• Supplied material
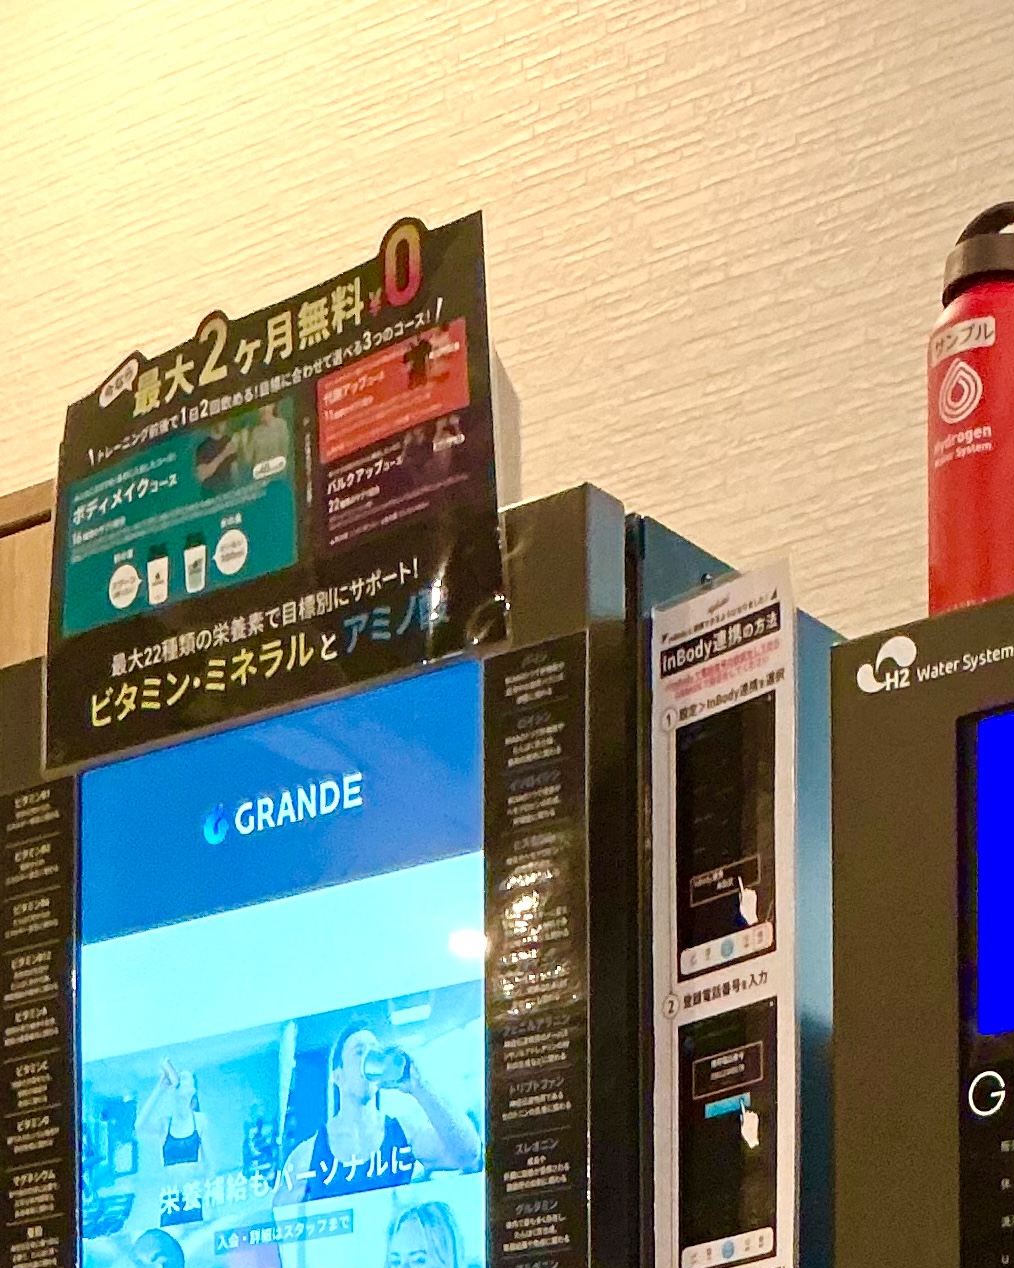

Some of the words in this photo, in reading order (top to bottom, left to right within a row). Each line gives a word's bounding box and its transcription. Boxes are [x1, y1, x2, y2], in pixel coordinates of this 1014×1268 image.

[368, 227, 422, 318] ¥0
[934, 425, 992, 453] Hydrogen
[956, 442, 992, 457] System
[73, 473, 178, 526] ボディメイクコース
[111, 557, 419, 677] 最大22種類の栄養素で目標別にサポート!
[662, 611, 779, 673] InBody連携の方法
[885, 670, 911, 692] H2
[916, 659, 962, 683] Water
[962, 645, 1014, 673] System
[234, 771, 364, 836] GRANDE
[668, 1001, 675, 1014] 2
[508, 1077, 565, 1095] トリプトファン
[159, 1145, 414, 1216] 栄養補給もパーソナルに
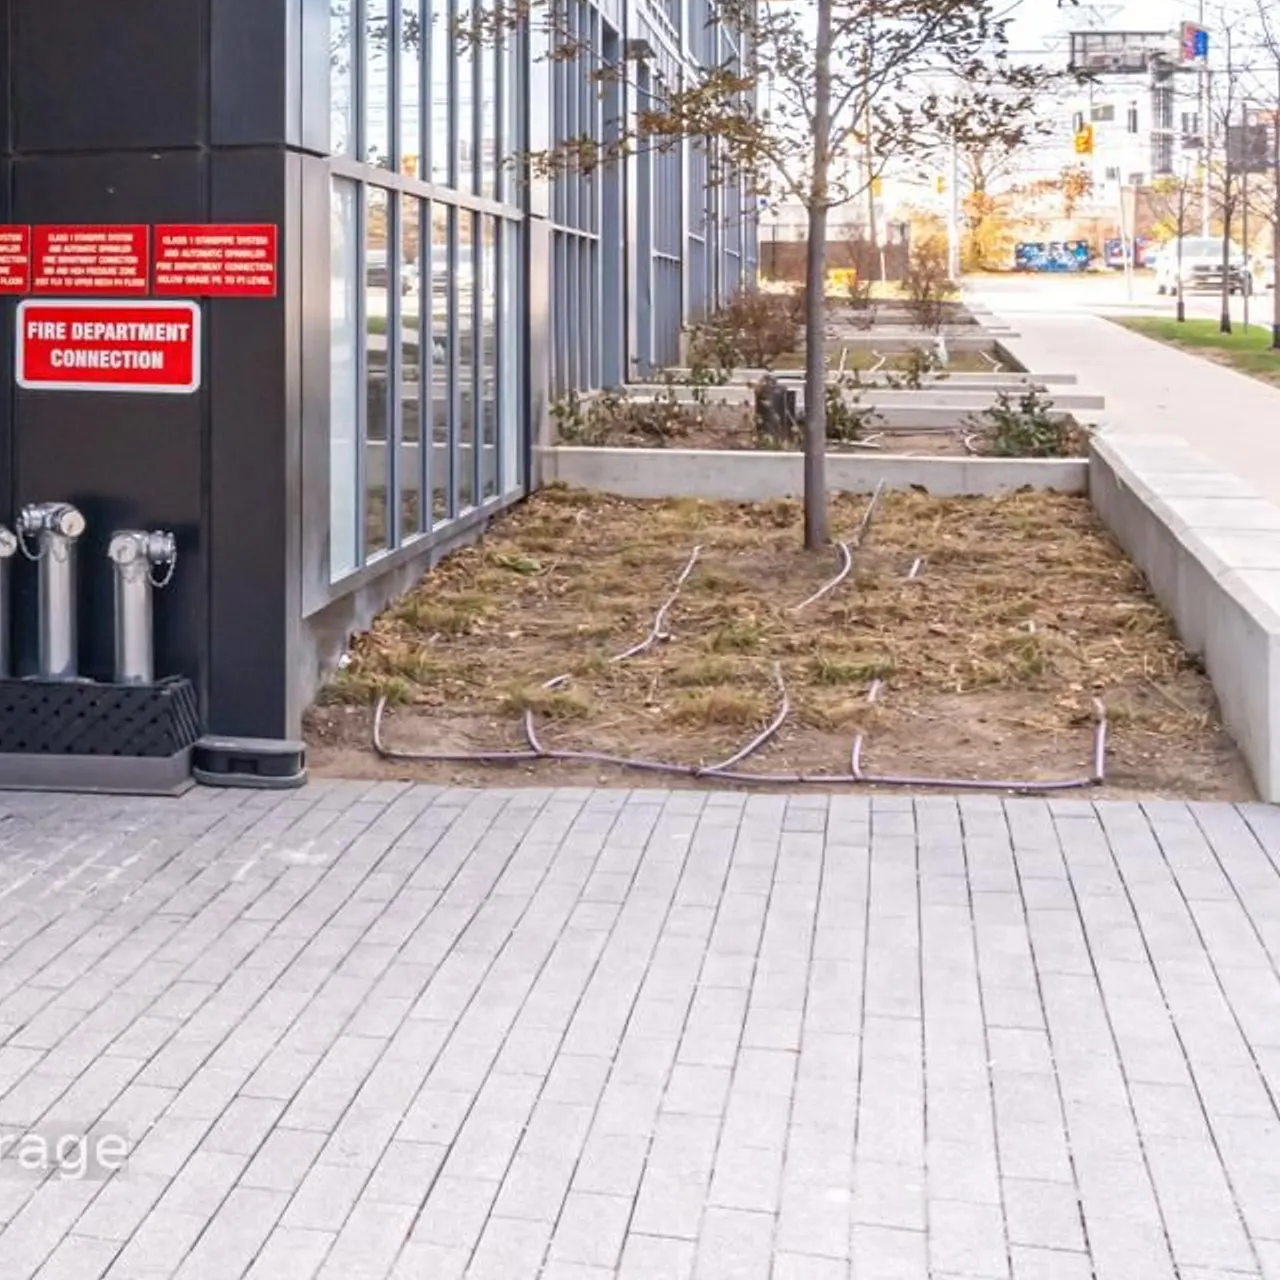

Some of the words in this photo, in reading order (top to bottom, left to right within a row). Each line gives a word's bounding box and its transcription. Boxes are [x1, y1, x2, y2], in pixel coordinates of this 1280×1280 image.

--

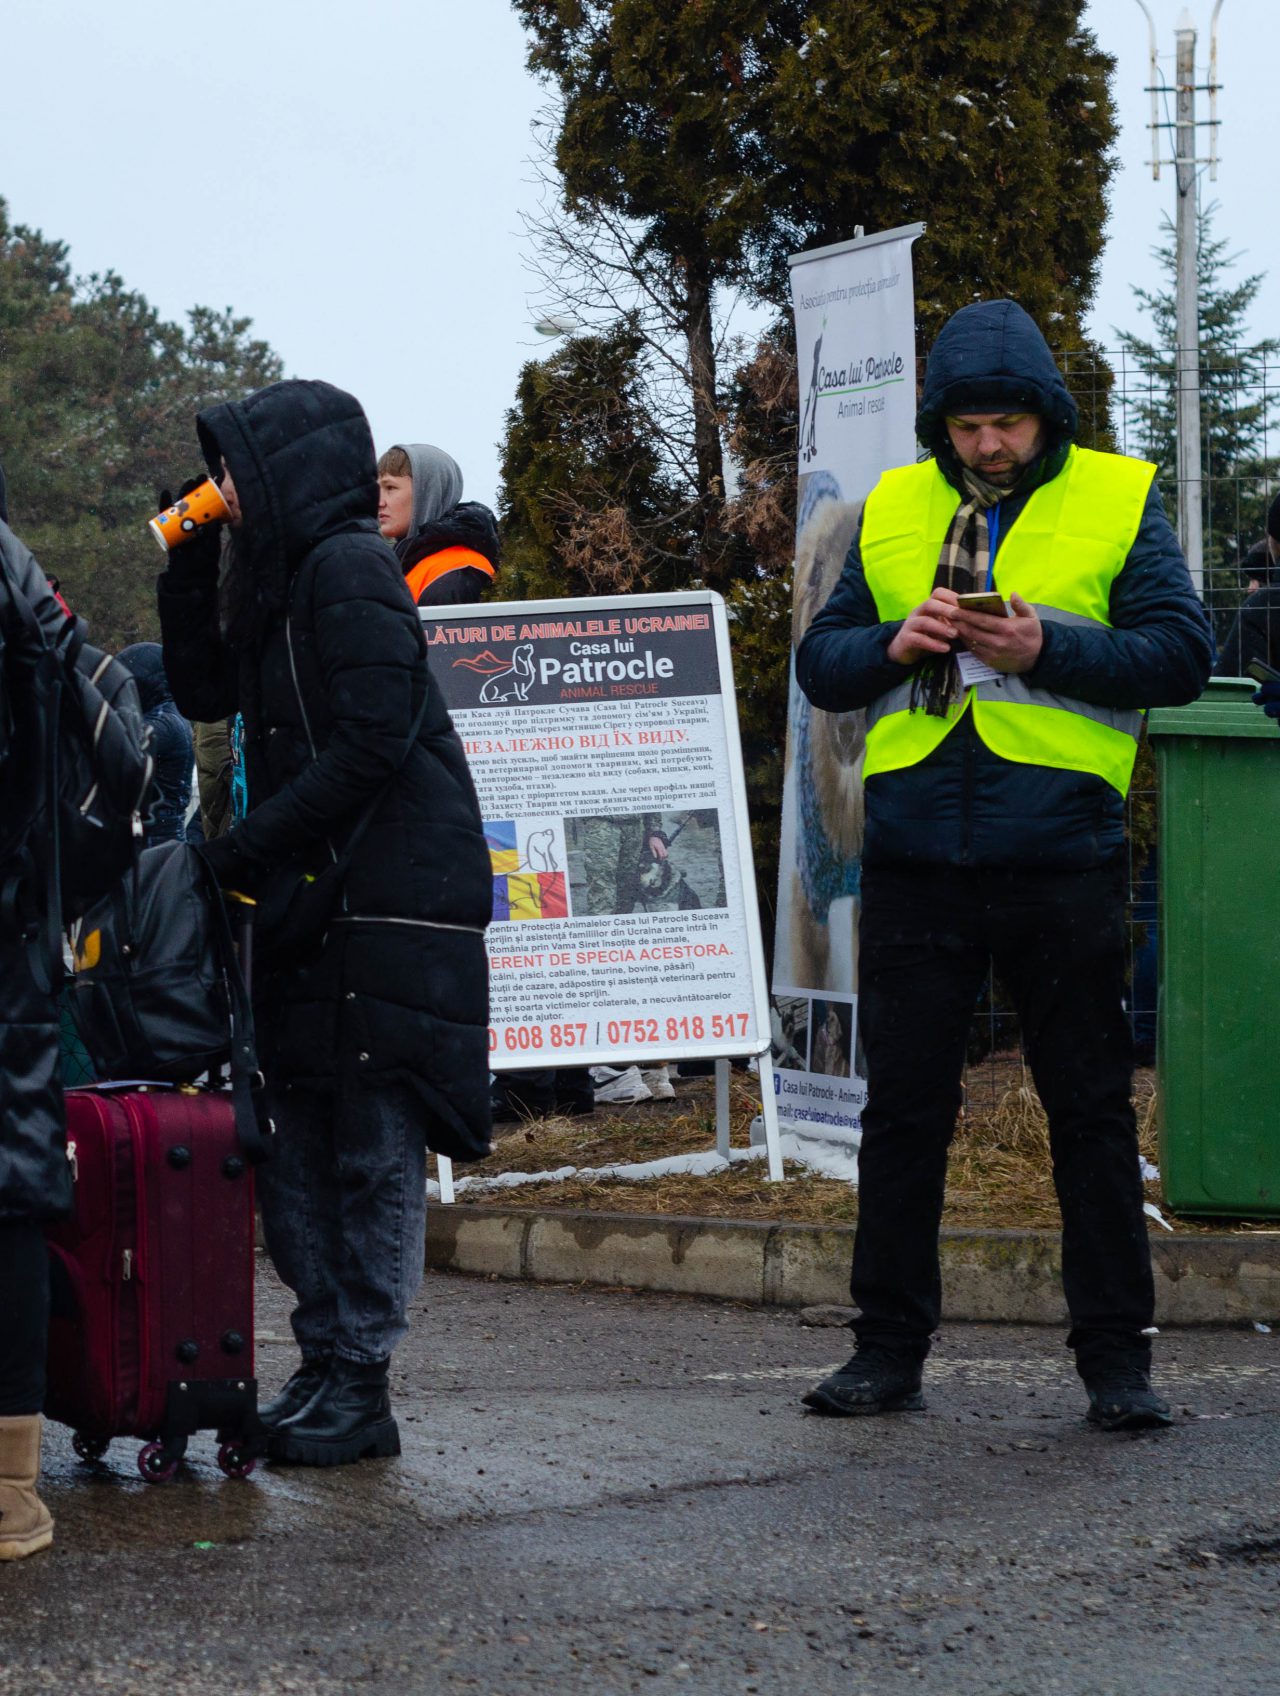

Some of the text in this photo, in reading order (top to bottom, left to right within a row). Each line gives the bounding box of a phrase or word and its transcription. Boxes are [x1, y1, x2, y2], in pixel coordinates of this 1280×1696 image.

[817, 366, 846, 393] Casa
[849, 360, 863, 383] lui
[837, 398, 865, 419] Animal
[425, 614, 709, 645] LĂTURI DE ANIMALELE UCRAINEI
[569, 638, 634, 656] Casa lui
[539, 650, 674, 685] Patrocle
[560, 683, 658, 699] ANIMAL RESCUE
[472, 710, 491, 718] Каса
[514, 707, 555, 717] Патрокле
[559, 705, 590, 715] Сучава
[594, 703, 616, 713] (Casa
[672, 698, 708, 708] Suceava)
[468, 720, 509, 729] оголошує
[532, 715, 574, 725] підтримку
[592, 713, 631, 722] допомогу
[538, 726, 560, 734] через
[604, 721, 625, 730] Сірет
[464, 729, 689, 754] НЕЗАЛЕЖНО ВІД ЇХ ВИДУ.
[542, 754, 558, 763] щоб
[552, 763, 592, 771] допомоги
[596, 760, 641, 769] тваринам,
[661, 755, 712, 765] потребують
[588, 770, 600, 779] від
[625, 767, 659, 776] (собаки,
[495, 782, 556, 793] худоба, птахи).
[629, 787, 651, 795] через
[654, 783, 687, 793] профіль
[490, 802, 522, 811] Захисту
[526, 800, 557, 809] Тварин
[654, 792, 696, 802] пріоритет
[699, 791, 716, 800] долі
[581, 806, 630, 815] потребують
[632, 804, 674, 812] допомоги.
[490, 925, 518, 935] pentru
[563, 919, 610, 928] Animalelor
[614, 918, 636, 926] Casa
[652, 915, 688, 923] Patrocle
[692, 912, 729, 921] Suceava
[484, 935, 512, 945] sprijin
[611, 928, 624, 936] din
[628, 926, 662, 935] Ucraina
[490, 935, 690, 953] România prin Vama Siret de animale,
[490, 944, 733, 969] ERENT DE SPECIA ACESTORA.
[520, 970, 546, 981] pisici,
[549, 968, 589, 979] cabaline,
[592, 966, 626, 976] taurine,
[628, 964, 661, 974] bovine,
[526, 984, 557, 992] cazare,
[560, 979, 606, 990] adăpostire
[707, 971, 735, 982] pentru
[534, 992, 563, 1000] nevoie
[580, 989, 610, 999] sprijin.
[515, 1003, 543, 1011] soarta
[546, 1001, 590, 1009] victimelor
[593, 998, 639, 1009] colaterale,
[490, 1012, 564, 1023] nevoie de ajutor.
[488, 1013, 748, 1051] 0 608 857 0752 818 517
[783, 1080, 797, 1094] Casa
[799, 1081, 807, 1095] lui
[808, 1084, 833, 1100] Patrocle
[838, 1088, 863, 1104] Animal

==

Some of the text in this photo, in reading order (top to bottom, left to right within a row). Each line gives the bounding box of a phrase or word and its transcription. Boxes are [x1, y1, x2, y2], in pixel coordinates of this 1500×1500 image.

• Work instructions
Could you repeat, exactly, only the lines above starting at the one that has "this 1014×1268 image." and stopping after the one that has "this 1280×1280 image.", without the pictures?

• Task response
Some of the words in this photo, in reading order (top to bottom, left to right within a row). Each line gives a word's bounding box and its transcription. Boxes are [x1, y1, x2, y2], in pixel coordinates of this 1014×1268 image.

[368, 227, 422, 318] ¥0
[934, 425, 992, 453] Hydrogen
[956, 442, 992, 457] System
[73, 473, 178, 526] ボディメイクコース
[111, 557, 419, 677] 最大22種類の栄養素で目標別にサポート!
[662, 611, 779, 673] InBody連携の方法
[885, 670, 911, 692] H2
[916, 659, 962, 683] Water
[962, 645, 1014, 673] System
[234, 771, 364, 836] GRANDE
[668, 1001, 675, 1014] 2
[508, 1077, 565, 1095] トリプトファン
[159, 1145, 414, 1216] 栄養補給もパーソナルに

Some of the words in this photo, in reading order (top to bottom, left to right within a row). Each line gives a word's bounding box and its transcription. Boxes are [x1, y1, x2, y2], in pixel coordinates of this 1280×1280 image.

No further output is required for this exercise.